How to Categorize Subcontractor Payments on Schedule C (2026)

Payments to freelancers, contractors, and subcontractors go on Schedule C, Line 11 (Contract labor). Here's when Line 11 applies, how the new $2,000 threshold changes 1099-NEC filing, and what records you need to keep.

Agnė, founder of Categorize My Expenses
Written by Agnė

Key Takeaways

  • Subcontractor payments go on Schedule C Line 11 (Contract labor). This includes anyone you pay to do work for your business who is not your employee.
  • Starting in 2026, you must file a 1099-NEC for any subcontractor you pay $2,000 or more (up from $600). The income is still taxable to the contractor even below the threshold.
  • Collect a W-9 from every subcontractor before you pay them. If they refuse, you must withhold 24% of the payment as backup withholding.
  • Platform payments (Upwork, Fiverr) are still deductible on Line 11, but the platform handles the 1099 reporting. You do not need to file a 1099-NEC for contractors paid through these platforms.

If you hire anyone to help with your business and they're not your employee, that payment is contract labor. It doesn't matter whether you call them a freelancer, a subcontractor, a virtual assistant, or just “the person who does my bookkeeping.” If they're not on your payroll, you report the payment on Schedule C, Line 11.

This is one of the most common deductions for self-employed people who bring in outside help, and it comes with paperwork requirements that changed significantly in 2026. Let's walk through what counts, what doesn't, and what you need to do to stay compliant.

The Short Answer: Schedule C, Line 11

Subcontractor payments go on Schedule C, Line 11: Contract labor.

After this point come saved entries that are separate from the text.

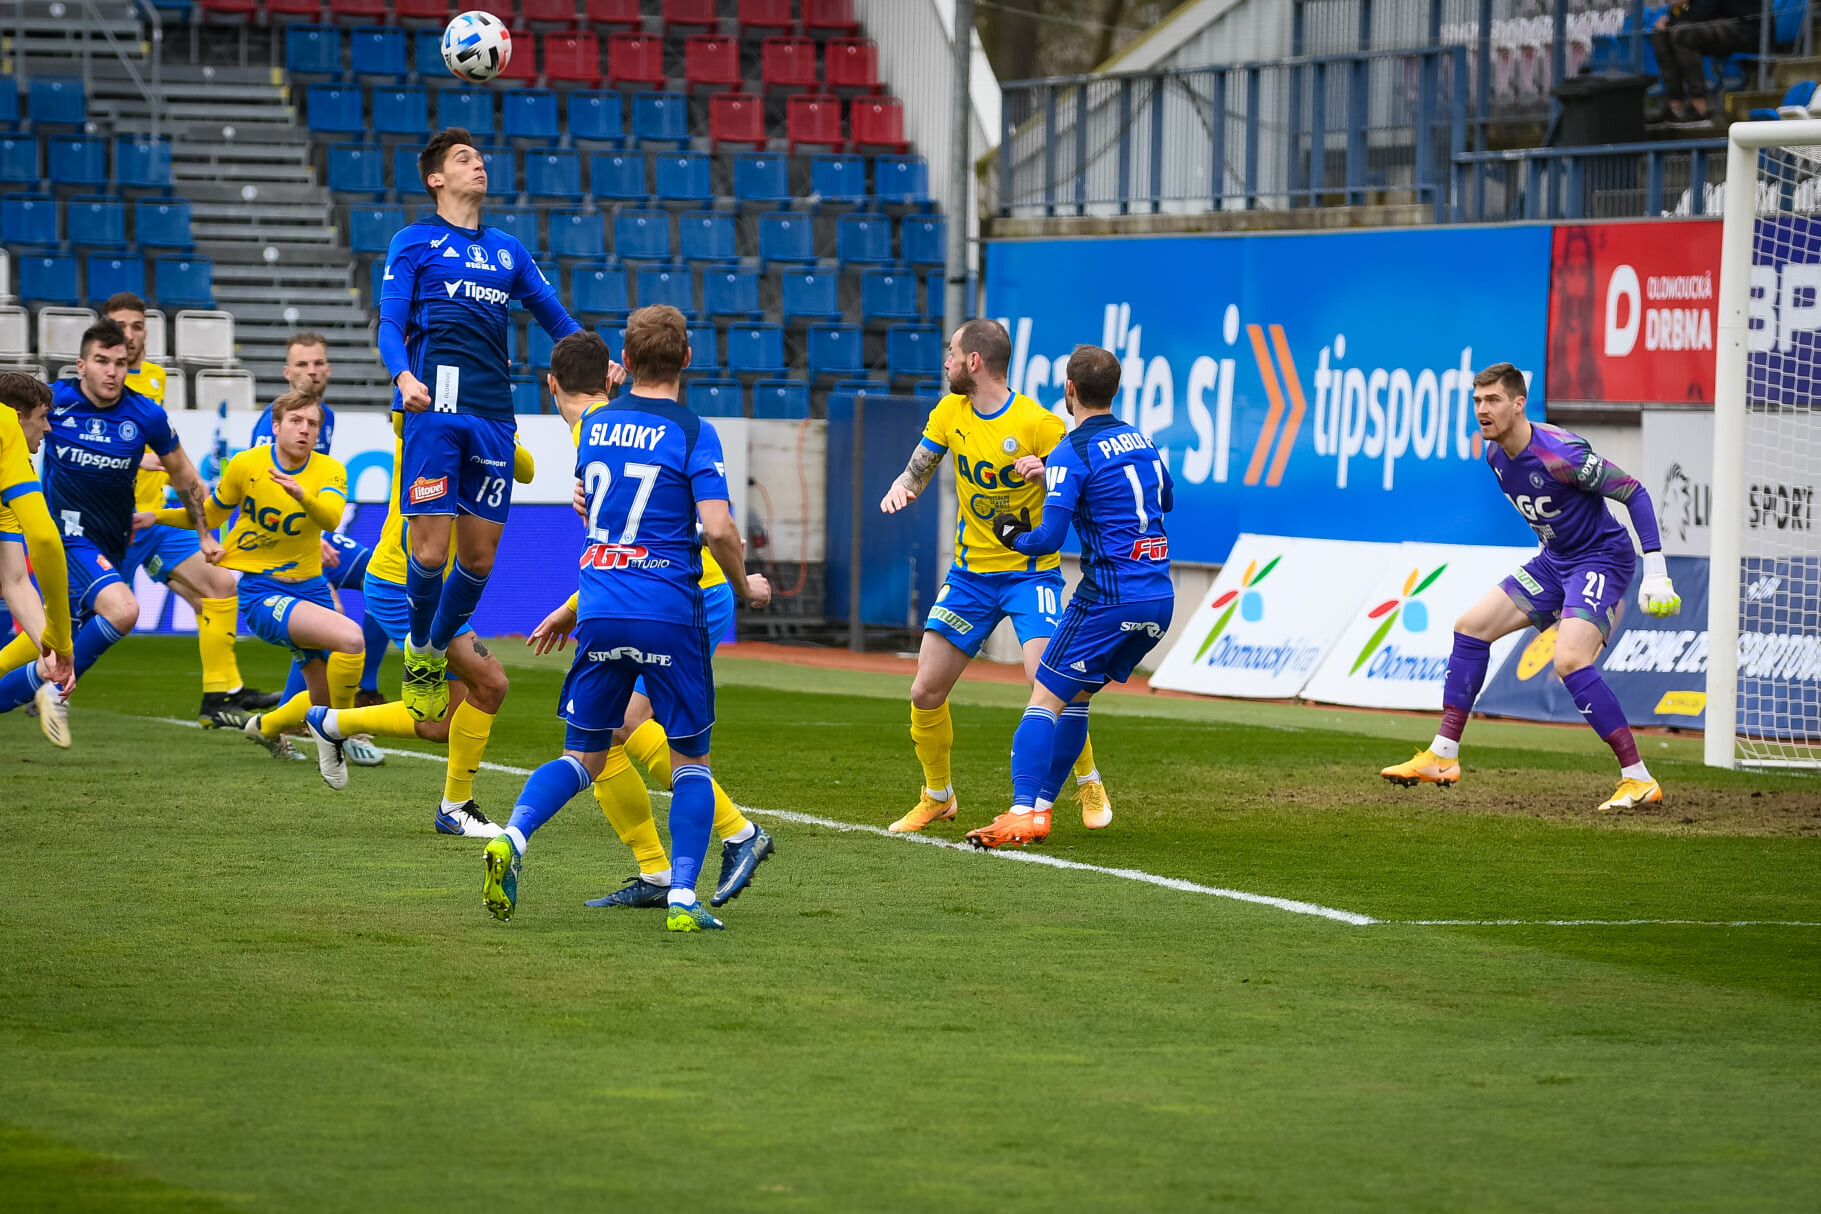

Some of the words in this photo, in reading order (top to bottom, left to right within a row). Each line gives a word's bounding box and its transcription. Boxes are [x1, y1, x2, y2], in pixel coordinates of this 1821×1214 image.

[464, 261, 497, 272] SIGMA
[1646, 270, 1713, 301] OLOMOUCKÁ
[1645, 308, 1712, 351] DRBNA
[1182, 303, 1240, 484] si
[79, 433, 111, 443] SIGMA
[589, 423, 667, 451] SLADKÝ
[1098, 432, 1147, 459] PABLO
[70, 448, 131, 469] Tipsport
[958, 454, 1025, 490] AGC
[415, 481, 444, 500] Litovel
[475, 476, 506, 508] 13
[585, 460, 661, 545] 27
[1123, 460, 1165, 534] 11
[243, 495, 306, 536] AGC
[1750, 484, 1813, 529] SPORT
[631, 558, 670, 569] STUDIO
[1035, 585, 1056, 615] 10
[1582, 571, 1606, 600] 21
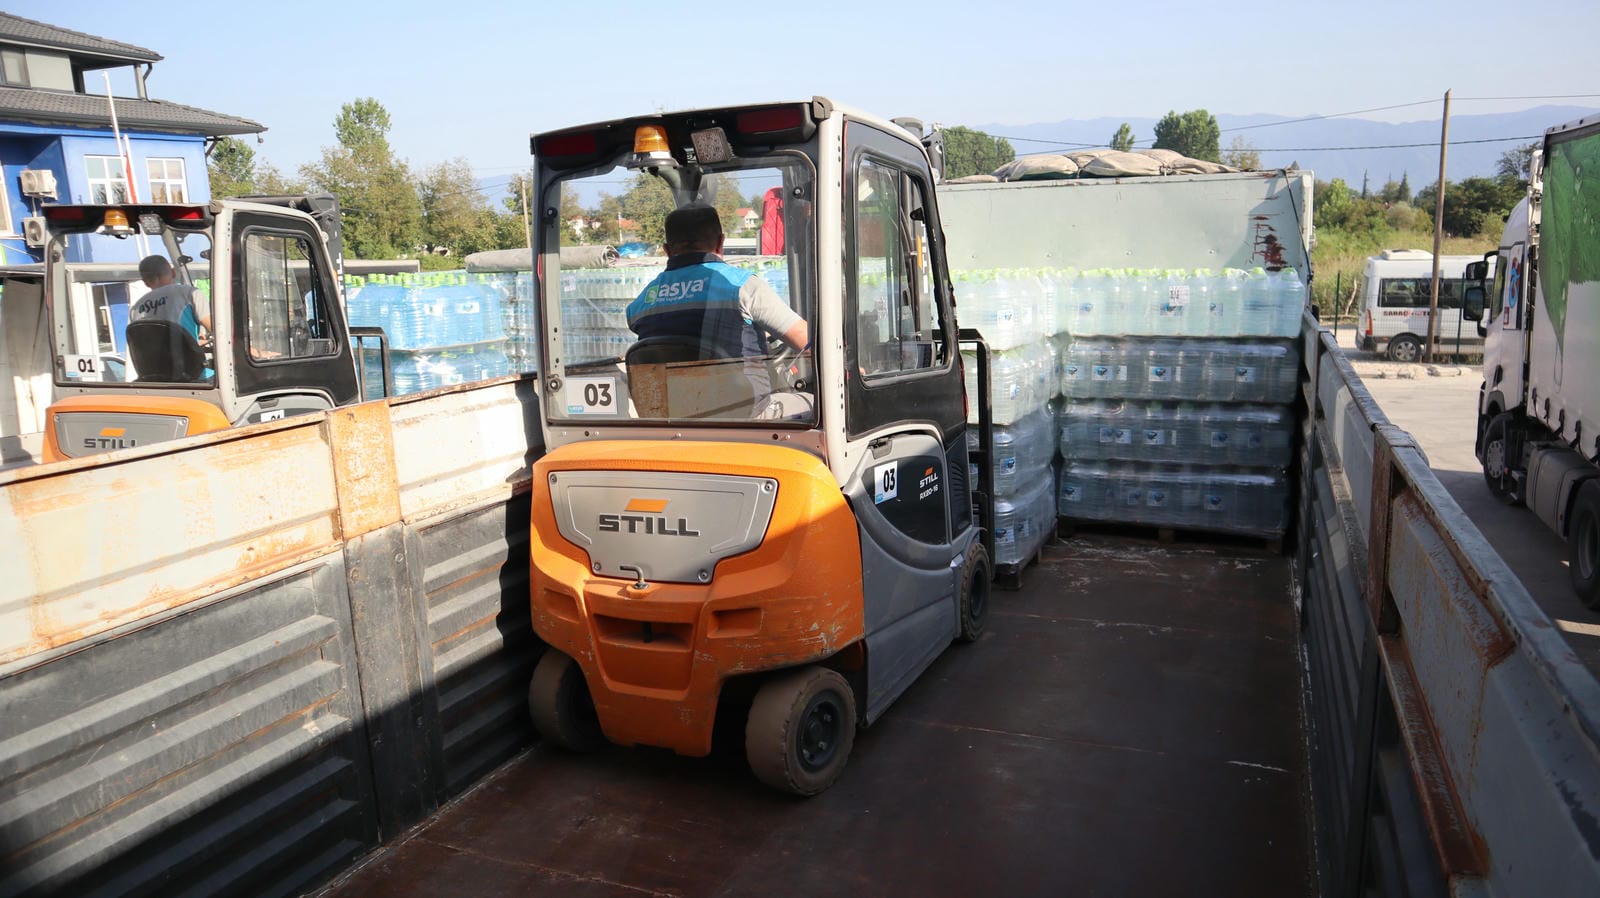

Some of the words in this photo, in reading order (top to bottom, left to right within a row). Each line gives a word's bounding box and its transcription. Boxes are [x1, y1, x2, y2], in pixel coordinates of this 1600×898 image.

[658, 279, 704, 300] asya
[138, 296, 166, 315] asya
[78, 358, 96, 373] 01
[584, 383, 612, 407] 03
[883, 468, 896, 493] 03
[919, 472, 939, 489] STILL
[599, 513, 700, 537] STILL
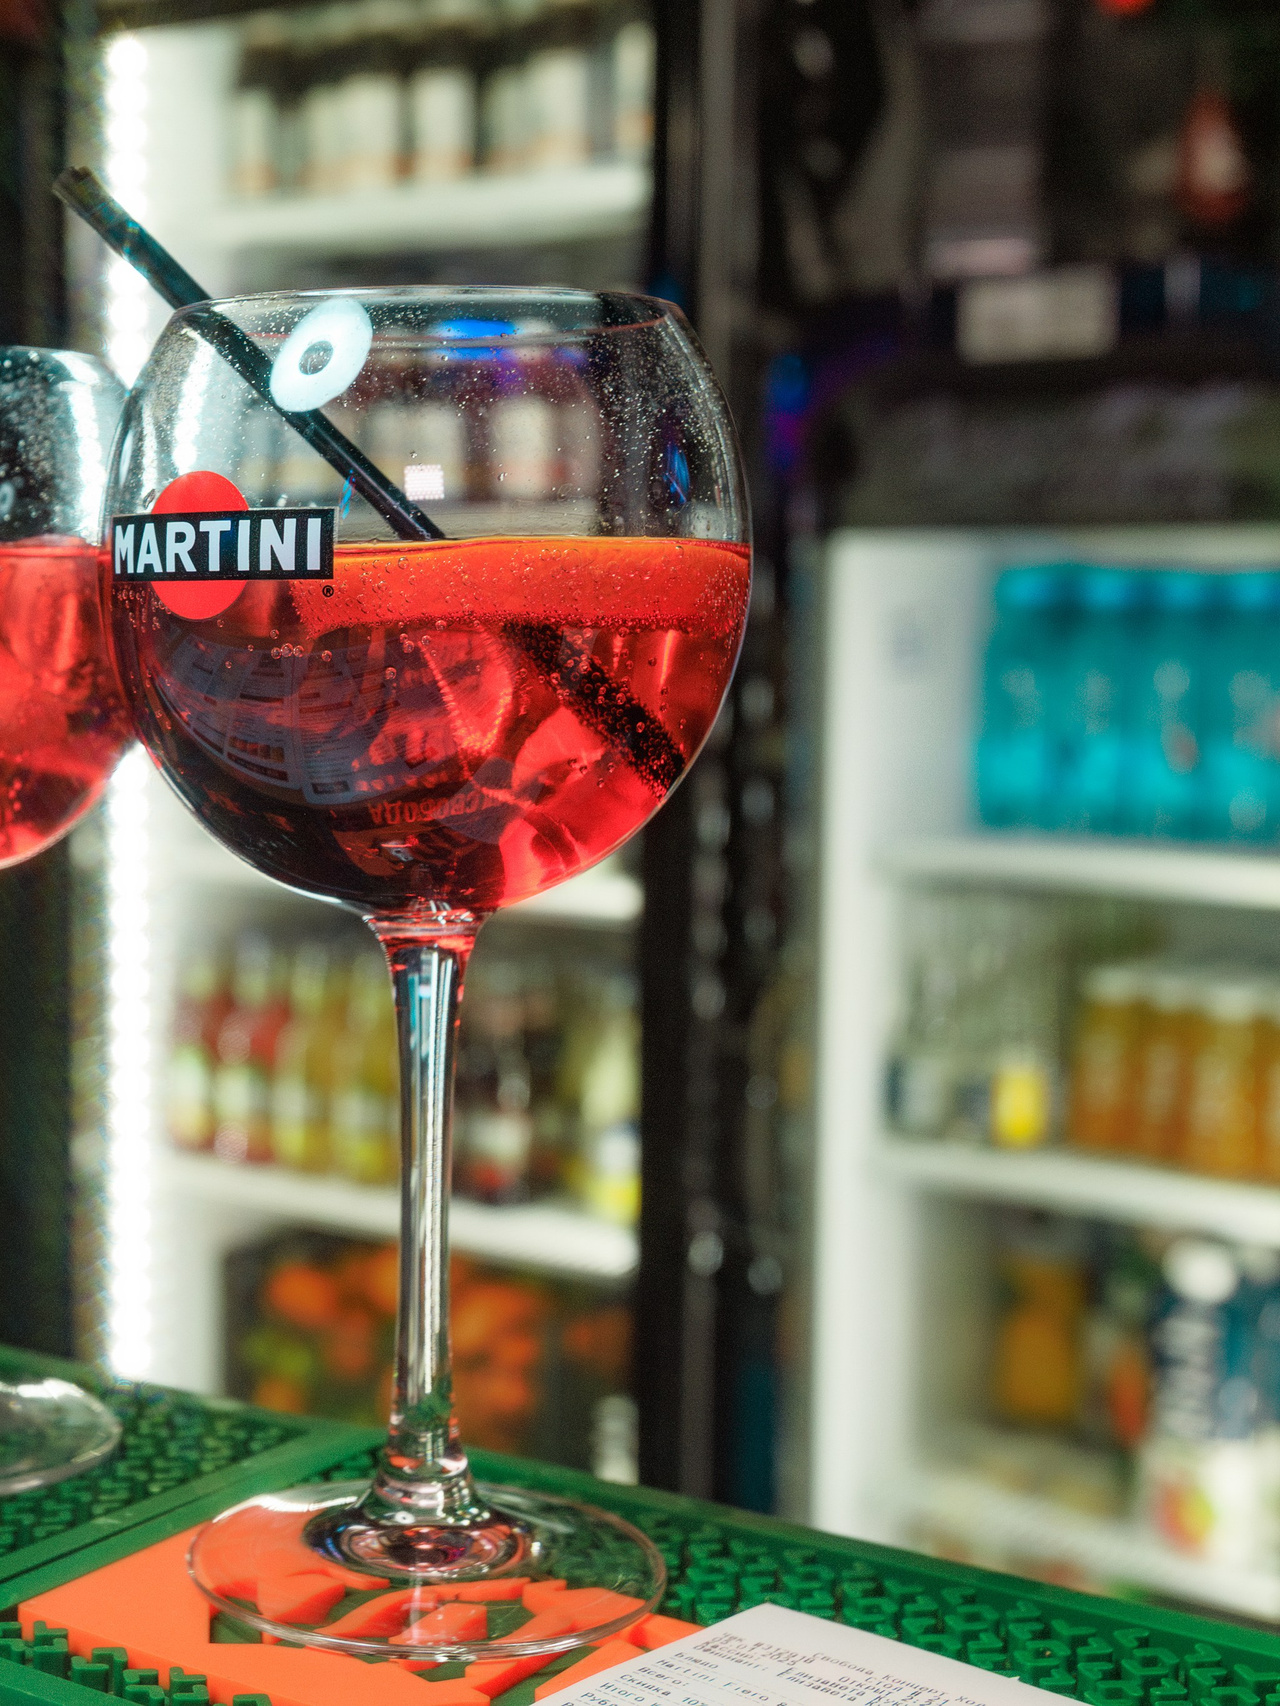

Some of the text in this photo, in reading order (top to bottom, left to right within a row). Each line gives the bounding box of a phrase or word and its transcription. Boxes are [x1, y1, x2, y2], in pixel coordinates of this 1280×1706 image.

[115, 518, 322, 575] MARTINI
[620, 1674, 671, 1697] Скидка
[637, 1666, 690, 1687] Всего:
[656, 1659, 717, 1682] Martini
[723, 1681, 770, 1702] Fiero
[812, 1652, 875, 1676] Свобода
[881, 1674, 950, 1697] Концерт
[599, 1682, 646, 1702] Итого
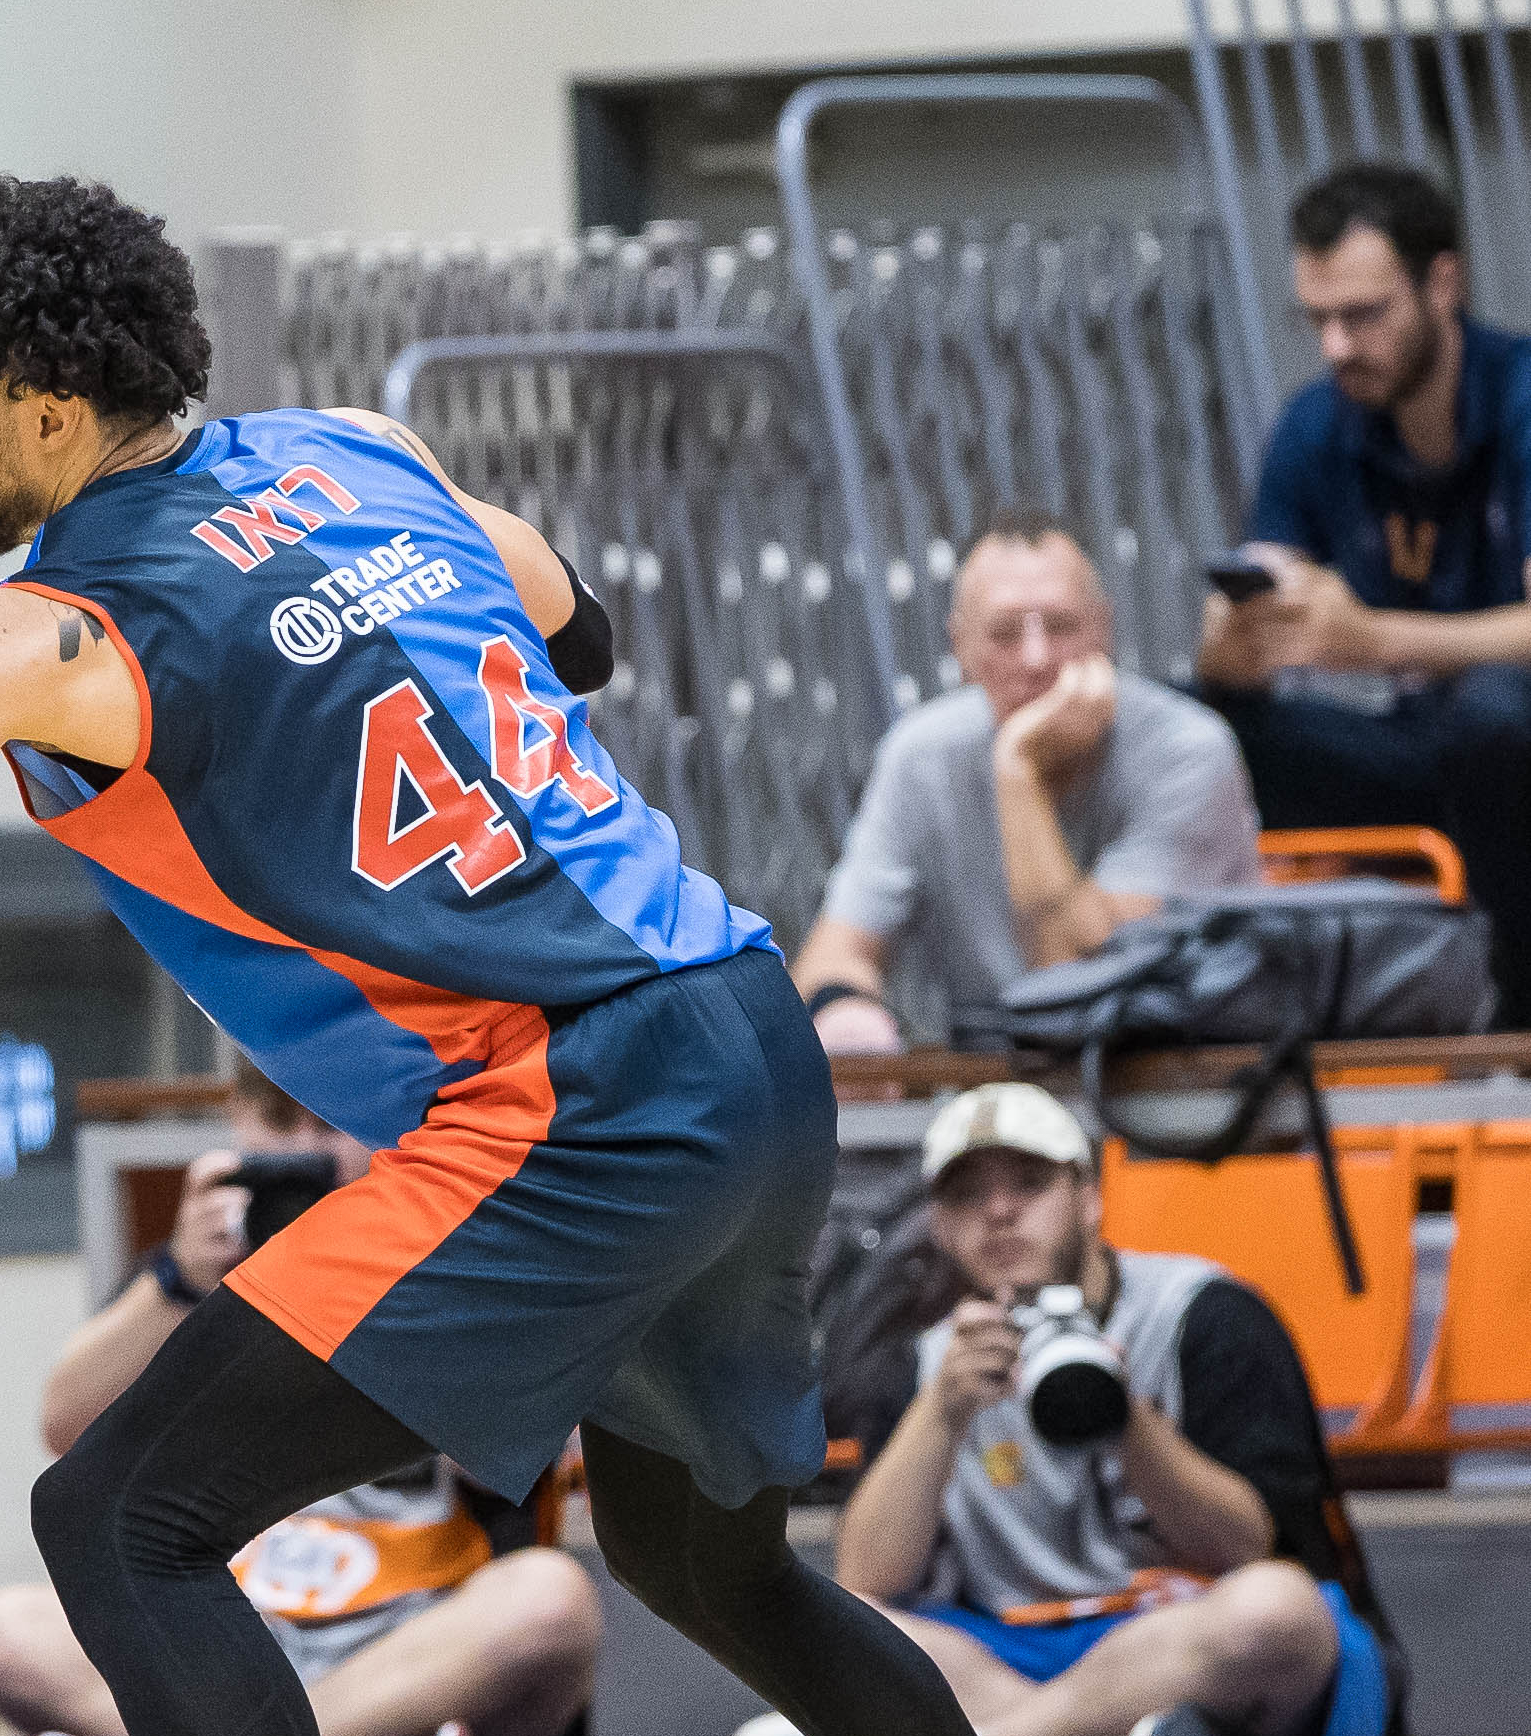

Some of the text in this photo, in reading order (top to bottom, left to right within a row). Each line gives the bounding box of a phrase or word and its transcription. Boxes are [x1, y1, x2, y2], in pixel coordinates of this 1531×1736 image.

This line captures all payments to non-employees who performed services for your trade or business during the tax year.

The IRS instructions are specific: include payments to persons you did not treat as employees for services performed for your business. Do not include amounts reported elsewhere on Schedule C (such as legal or accounting fees on Line 17, or amounts included in cost of goods sold).

For the full picture of where every expense goes, see our line-by-line Schedule C guide.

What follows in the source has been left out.